━━━ DATA EXTRACTS ━━━

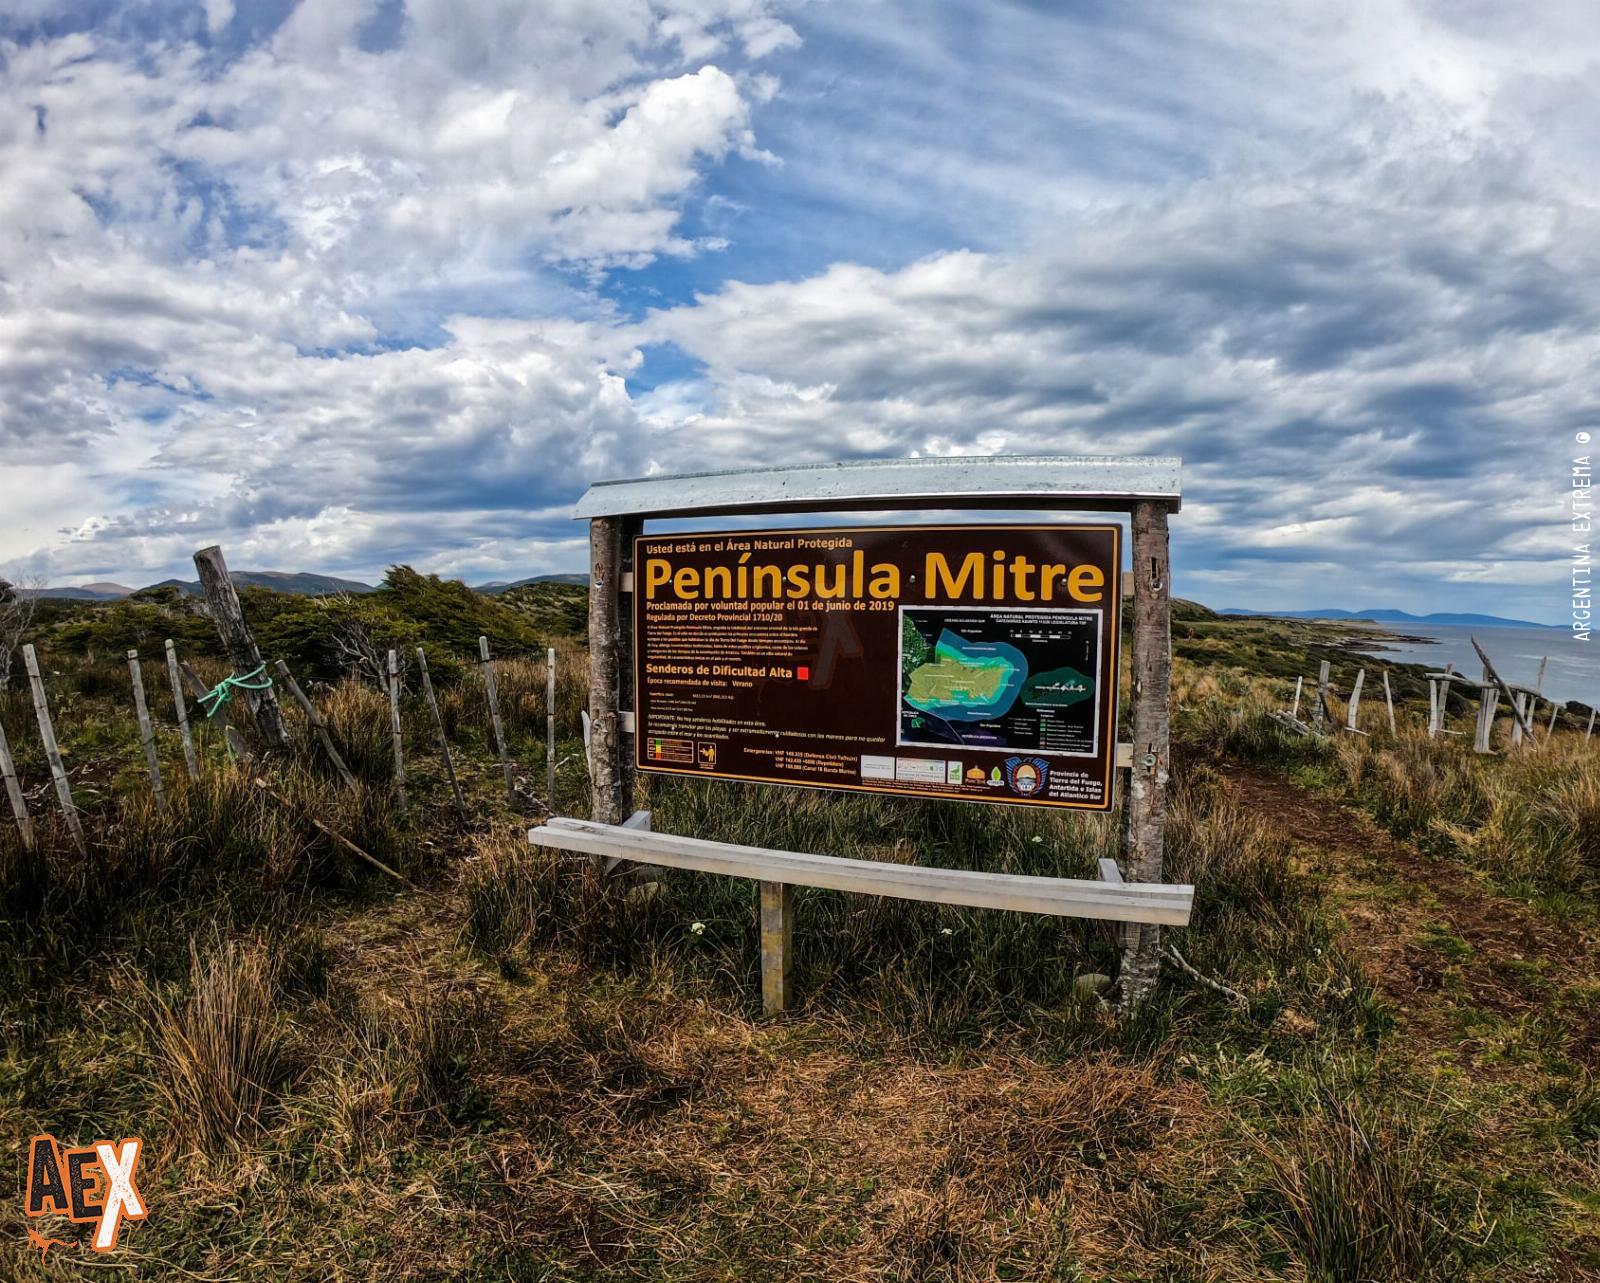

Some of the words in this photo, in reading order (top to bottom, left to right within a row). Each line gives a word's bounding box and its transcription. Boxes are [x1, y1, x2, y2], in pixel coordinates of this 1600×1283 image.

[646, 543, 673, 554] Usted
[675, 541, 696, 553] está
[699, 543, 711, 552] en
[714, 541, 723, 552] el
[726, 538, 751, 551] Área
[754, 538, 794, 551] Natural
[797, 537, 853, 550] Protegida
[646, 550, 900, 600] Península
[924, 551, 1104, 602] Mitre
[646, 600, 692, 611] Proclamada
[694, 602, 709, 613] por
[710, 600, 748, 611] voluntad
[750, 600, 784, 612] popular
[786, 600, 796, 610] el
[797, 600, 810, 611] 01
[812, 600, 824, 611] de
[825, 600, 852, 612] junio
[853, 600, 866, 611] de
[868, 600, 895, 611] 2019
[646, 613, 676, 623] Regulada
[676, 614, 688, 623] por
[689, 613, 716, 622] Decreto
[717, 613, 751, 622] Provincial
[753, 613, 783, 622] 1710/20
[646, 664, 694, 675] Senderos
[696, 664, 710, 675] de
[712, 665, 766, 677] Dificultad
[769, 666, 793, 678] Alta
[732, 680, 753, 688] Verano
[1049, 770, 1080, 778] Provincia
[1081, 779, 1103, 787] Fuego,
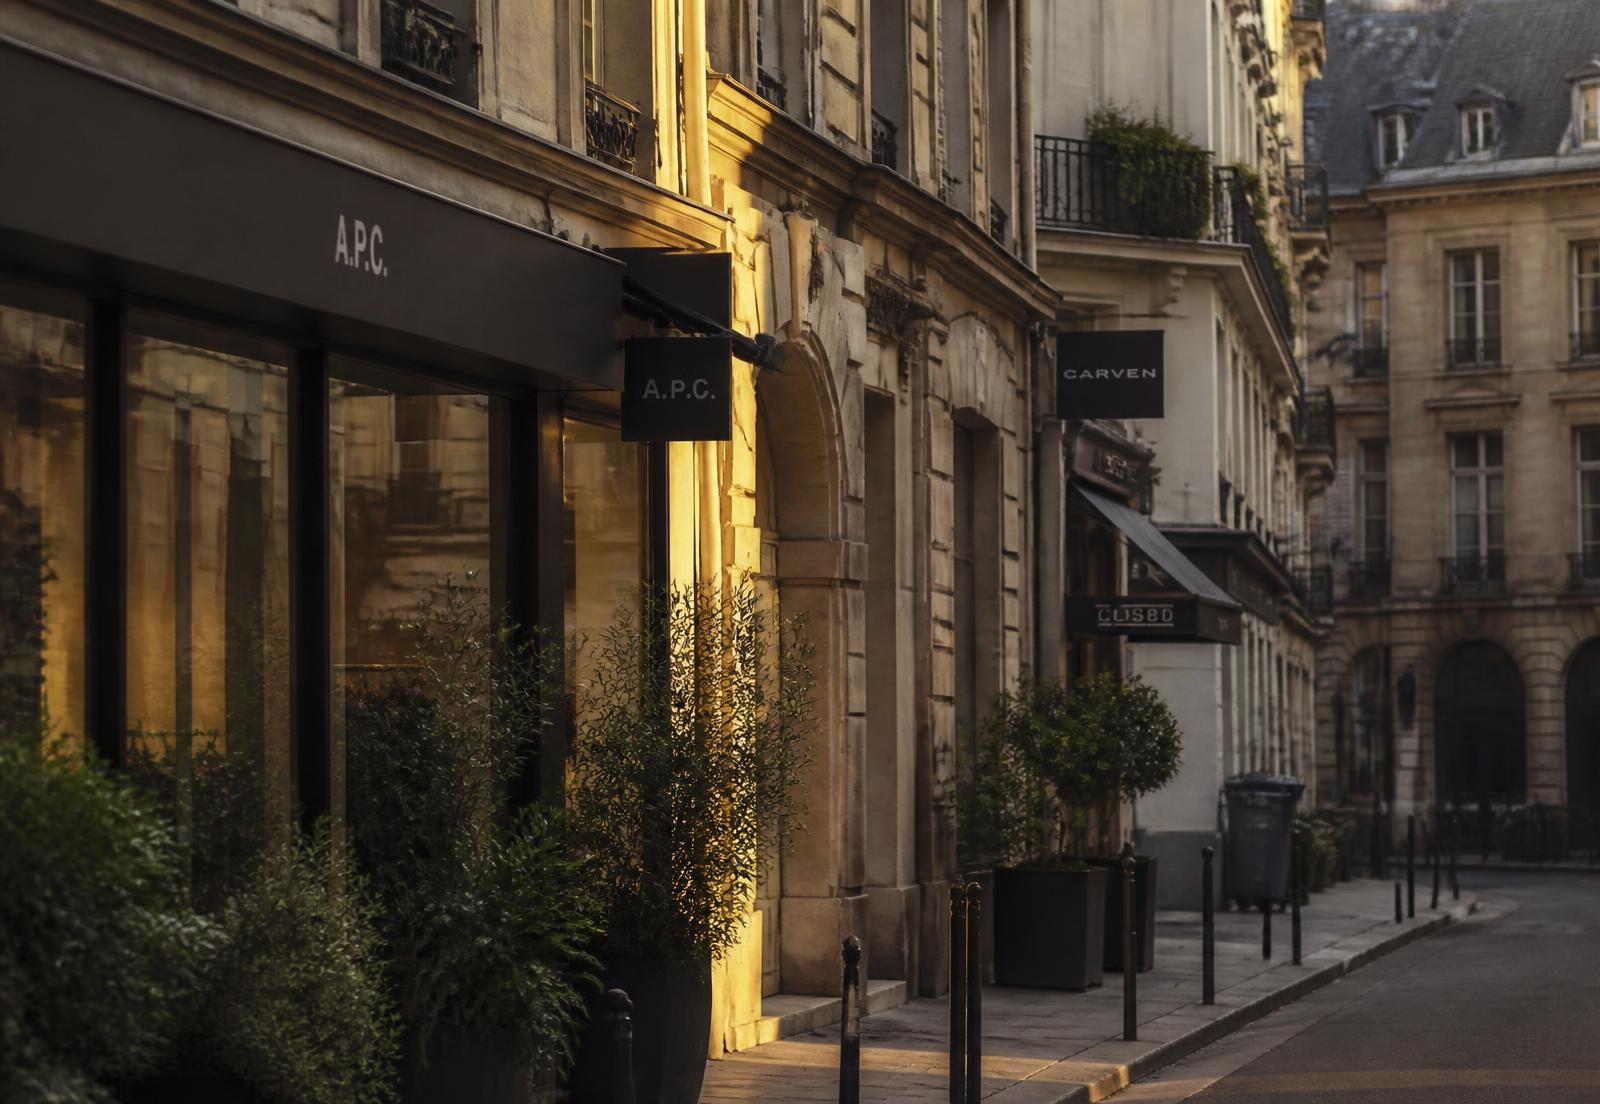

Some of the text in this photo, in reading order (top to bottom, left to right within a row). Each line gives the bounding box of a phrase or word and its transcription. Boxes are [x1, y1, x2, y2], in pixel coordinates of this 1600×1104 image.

━━━

● **PROBLEM TO SOLVE**
The listing above is to be retyped word for word, with the pictures omitted.

● **EXPECTED OUTPUT**
Some of the words in this photo, in reading order (top to bottom, left to right within a row). Each line gives a word's bounding box and its transcription. Boxes are [x1, y1, x2, y2], in pixel coordinates of this 1600×1283 image.

[646, 543, 673, 554] Usted
[675, 541, 696, 553] está
[699, 543, 711, 552] en
[714, 541, 723, 552] el
[726, 538, 751, 551] Área
[754, 538, 794, 551] Natural
[797, 537, 853, 550] Protegida
[646, 550, 900, 600] Península
[924, 551, 1104, 602] Mitre
[646, 600, 692, 611] Proclamada
[694, 602, 709, 613] por
[710, 600, 748, 611] voluntad
[750, 600, 784, 612] popular
[786, 600, 796, 610] el
[797, 600, 810, 611] 01
[812, 600, 824, 611] de
[825, 600, 852, 612] junio
[853, 600, 866, 611] de
[868, 600, 895, 611] 2019
[646, 613, 676, 623] Regulada
[676, 614, 688, 623] por
[689, 613, 716, 622] Decreto
[717, 613, 751, 622] Provincial
[753, 613, 783, 622] 1710/20
[646, 664, 694, 675] Senderos
[696, 664, 710, 675] de
[712, 665, 766, 677] Dificultad
[769, 666, 793, 678] Alta
[732, 680, 753, 688] Verano
[1049, 770, 1080, 778] Provincia
[1081, 779, 1103, 787] Fuego,

Some of the text in this photo, in reading order (top to bottom, left to right within a row). Each line gives the bounding box of a phrase or word and its transcription. Boxes are [x1, y1, x2, y2], in pixel coordinates of this 1600×1104 image.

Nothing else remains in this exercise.